In April 2022, British Telecommunications (UK) and Toshiba (Japan) launched the first commercial testing of quantum encrypted communication services. BT, Toshiba, and EY (UK) have started a trial of the world's first commercial quantum-secured metro network. The infrastructure was able to connect a large number of clients across London, allowing them to secure the transmission of vital data and information between different physical locations utilizing quantum key distribution (QKD) over regular fiber optic cables. QKD is an essential technology that plays a critical role in defending networks and data from the rising threat of quantum computing-based cyber-attacks. The London network is an important step toward the UK government's goal of becoming a quantum-enabled economy.
Restraint: Regulatory challenges can hinder quantum photonics adoption and commercialization
Regulations can be a significant obstacle for companies seeking to develop and commercialize quantum photonics technology. These regulations can come from a variety of sources, such as data privacy, intellectual property, export controls, safety regulations, and standards and interoperability. For example, strict data privacy regulations in finance and healthcare may require additional security measures to comply, while patent disputes and licensing agreements can add complexity and cost to development. Export controls and safety regulations may also delay deployment. Also, establishing new standards and interoperability with existing technologies can add further complexity and time to the development process. Companies need to work with regulatory bodies and stakeholders to ensure compliance and navigate these challenges, which can slow down the adoption and commercialization of quantum photonics computing technology.

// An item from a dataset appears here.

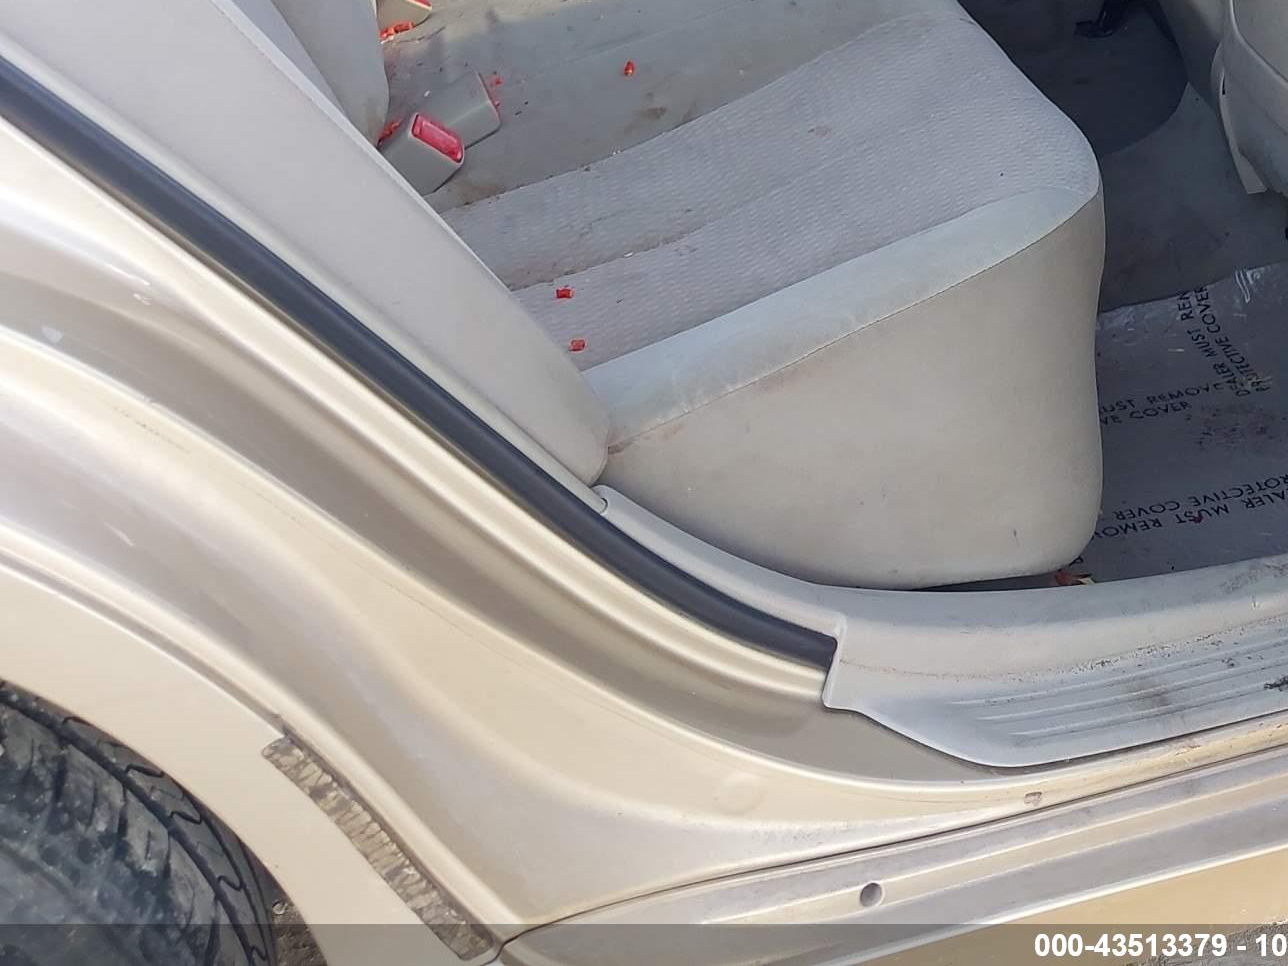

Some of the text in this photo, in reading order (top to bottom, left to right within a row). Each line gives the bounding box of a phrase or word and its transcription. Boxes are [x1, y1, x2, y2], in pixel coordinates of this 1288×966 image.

Opportunity: Advancements in quantum communications
Researchers working on quantum communication are concentrating on creating safe communication protocols that make advantage of entanglement and superposition. Quantum key distribution, which enables the safe exchange of cryptographic keys between two parties, is one of the most promising uses of quantum communication.
Researchers are aiming to create quantum computers that employ photonic qubits (quantum bits) rather than conventional electrical qubits in quantum photonics computing. In comparison to electrical qubits, photonic qubits offer a number of benefits, such as the capacity to travel across great distances without suffering substantial information loss and their comparatively simple manipulation.
The demonstration of large-scale integrated photonic circuits for processing quantum information, such as the development of a 100-qubit photonic chip by researchers at the University of Bristol, are recent developments in quantum photonics computing. The development of effective photon sources and detectors for use in quantum photonics computing systems has also advanced. Several companies are actively working an advancements in the field of quantum photonics, which include PsiQuantum (US), Xanadu (Canada), Toshiba (Japan), etc. These are only a few instances of businesses engaged in developments in the area of quantum photonics computing. Numerous other businesses and university research teams are also making important contributions to this fascinating topic.
Challenge: Experimental constraints in quantum photonics computing
Quantum photonics computing is a new area of study that intends to employ photons, which are light particles, to carry and analyze quantum information. While this technology has the potential to revolutionize computing, various obstacles must be overcome before it can be implemented in practice. The area of quantum photonics computing has recently experienced various hurdles that have hindered its development toward practical applications. Experimental constraints provide a substantial hurdle to quantum photonics. Although theoretical models and methods for quantum photonics computing have been established, implementing them in actual devices remains a significant issue due to experimental constraints. Some of these challenges include high error rates, scaling up quantum photonics computing systems, maintaining the coherence of qubits which are the basic building blocks of quantum computers, detection and measurement of photonic qubits.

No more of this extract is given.